═════ Dataset content

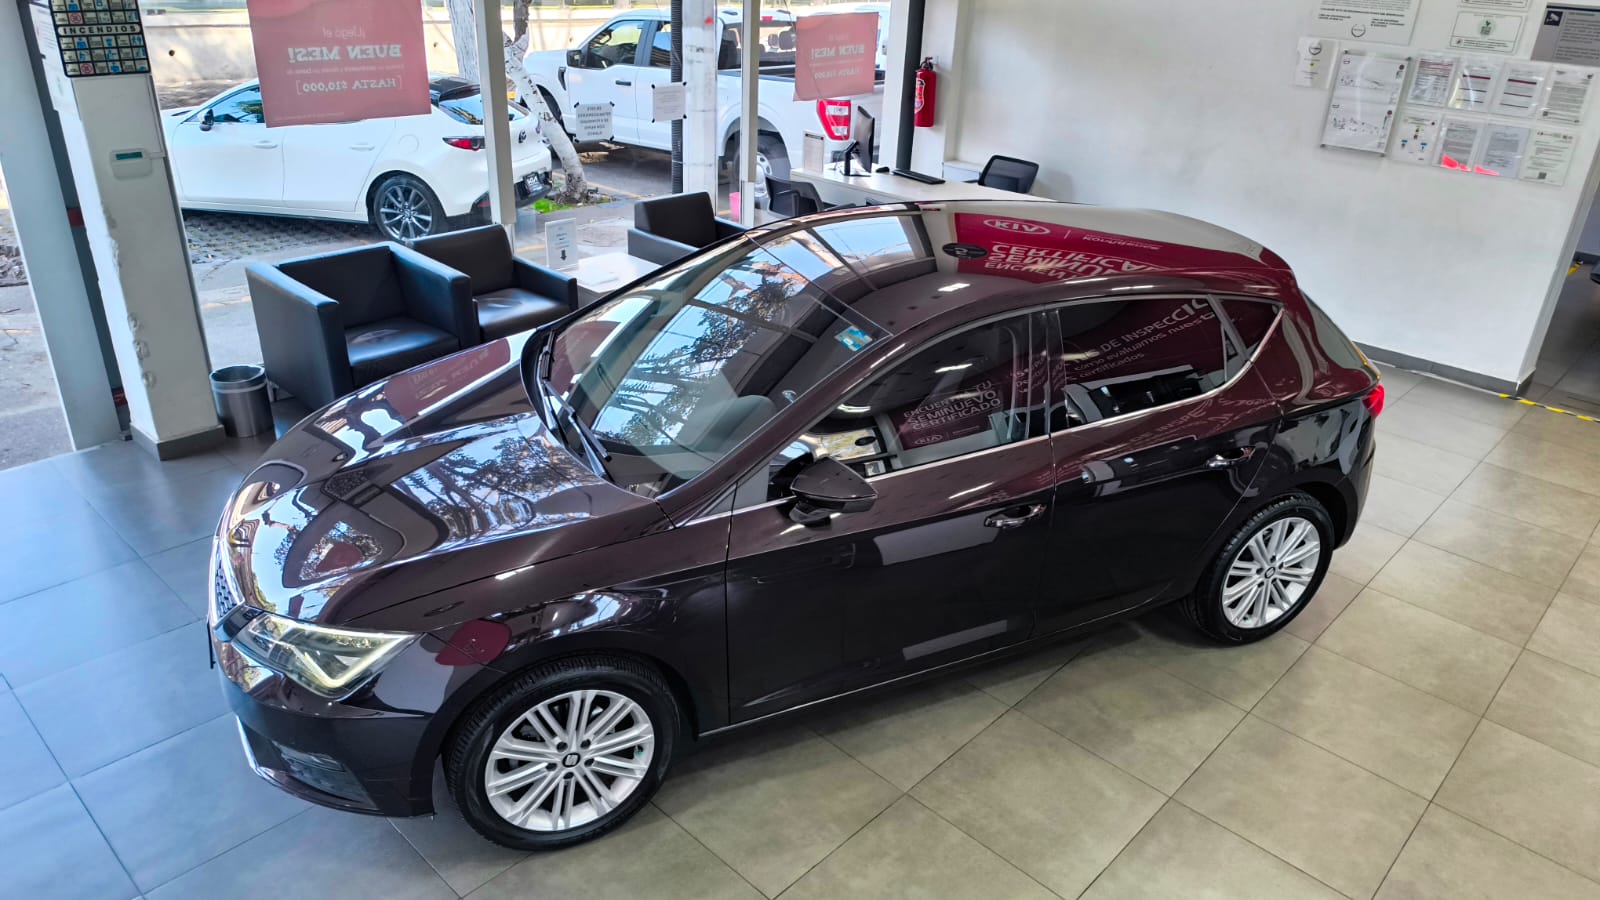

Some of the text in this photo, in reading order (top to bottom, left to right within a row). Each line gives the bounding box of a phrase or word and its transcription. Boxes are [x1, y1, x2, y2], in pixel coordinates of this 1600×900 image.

[63, 25, 137, 35] INCENDIOS
[1100, 338, 1122, 352] DE
[1106, 331, 1168, 362] evaluamos
[1079, 352, 1145, 379] certificados
[907, 390, 997, 424] SEMINUEVO
[911, 398, 1001, 430] CERTIFICADO

══════════

== What to do ==
Leaving out only the pictures, reproduce the listing exactly.

== Solution to this problem ==
Some of the text in this photo, in reading order (top to bottom, left to right within a row). Each line gives the bounding box of a phrase or word and its transcription. Boxes are [x1, y1, x2, y2], in pixel coordinates of this 1600×900 image.

[63, 25, 137, 35] INCENDIOS
[1100, 338, 1122, 352] DE
[1106, 331, 1168, 362] evaluamos
[1079, 352, 1145, 379] certificados
[907, 390, 997, 424] SEMINUEVO
[911, 398, 1001, 430] CERTIFICADO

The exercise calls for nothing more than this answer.